Your task » Repeat the data below with no changes.

Dataset content »
= Beginning of Section =
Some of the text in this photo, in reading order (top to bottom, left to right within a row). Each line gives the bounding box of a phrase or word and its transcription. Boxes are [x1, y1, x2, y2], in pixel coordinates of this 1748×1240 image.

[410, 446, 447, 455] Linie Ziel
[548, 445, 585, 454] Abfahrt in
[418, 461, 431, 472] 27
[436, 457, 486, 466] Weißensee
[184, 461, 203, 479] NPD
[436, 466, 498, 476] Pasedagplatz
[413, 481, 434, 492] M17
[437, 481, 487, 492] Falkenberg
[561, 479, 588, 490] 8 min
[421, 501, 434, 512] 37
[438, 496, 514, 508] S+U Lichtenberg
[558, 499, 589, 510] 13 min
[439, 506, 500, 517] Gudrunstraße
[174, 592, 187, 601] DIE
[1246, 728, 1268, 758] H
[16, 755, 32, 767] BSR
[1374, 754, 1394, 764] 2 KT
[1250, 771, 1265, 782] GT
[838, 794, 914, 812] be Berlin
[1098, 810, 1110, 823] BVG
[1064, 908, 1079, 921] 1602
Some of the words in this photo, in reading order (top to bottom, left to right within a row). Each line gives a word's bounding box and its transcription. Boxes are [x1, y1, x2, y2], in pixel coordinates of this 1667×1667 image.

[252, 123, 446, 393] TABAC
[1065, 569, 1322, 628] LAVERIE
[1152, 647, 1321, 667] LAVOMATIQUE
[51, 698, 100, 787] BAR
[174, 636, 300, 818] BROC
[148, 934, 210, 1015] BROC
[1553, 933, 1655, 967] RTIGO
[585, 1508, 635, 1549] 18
= End of Section =
Output for this task »
Some of the text in this photo, in reading order (top to bottom, left to right within a row). Each line gives the bounding box of a phrase or word and its transcription. Boxes are [x1, y1, x2, y2], in pixel coordinates of this 1748×1240 image.

[410, 446, 447, 455] Linie Ziel
[548, 445, 585, 454] Abfahrt in
[418, 461, 431, 472] 27
[436, 457, 486, 466] Weißensee
[184, 461, 203, 479] NPD
[436, 466, 498, 476] Pasedagplatz
[413, 481, 434, 492] M17
[437, 481, 487, 492] Falkenberg
[561, 479, 588, 490] 8 min
[421, 501, 434, 512] 37
[438, 496, 514, 508] S+U Lichtenberg
[558, 499, 589, 510] 13 min
[439, 506, 500, 517] Gudrunstraße
[174, 592, 187, 601] DIE
[1246, 728, 1268, 758] H
[16, 755, 32, 767] BSR
[1374, 754, 1394, 764] 2 KT
[1250, 771, 1265, 782] GT
[838, 794, 914, 812] be Berlin
[1098, 810, 1110, 823] BVG
[1064, 908, 1079, 921] 1602
Some of the words in this photo, in reading order (top to bottom, left to right within a row). Each line gives a word's bounding box and its transcription. Boxes are [x1, y1, x2, y2], in pixel coordinates of this 1667×1667 image.

[252, 123, 446, 393] TABAC
[1065, 569, 1322, 628] LAVERIE
[1152, 647, 1321, 667] LAVOMATIQUE
[51, 698, 100, 787] BAR
[174, 636, 300, 818] BROC
[148, 934, 210, 1015] BROC
[1553, 933, 1655, 967] RTIGO
[585, 1508, 635, 1549] 18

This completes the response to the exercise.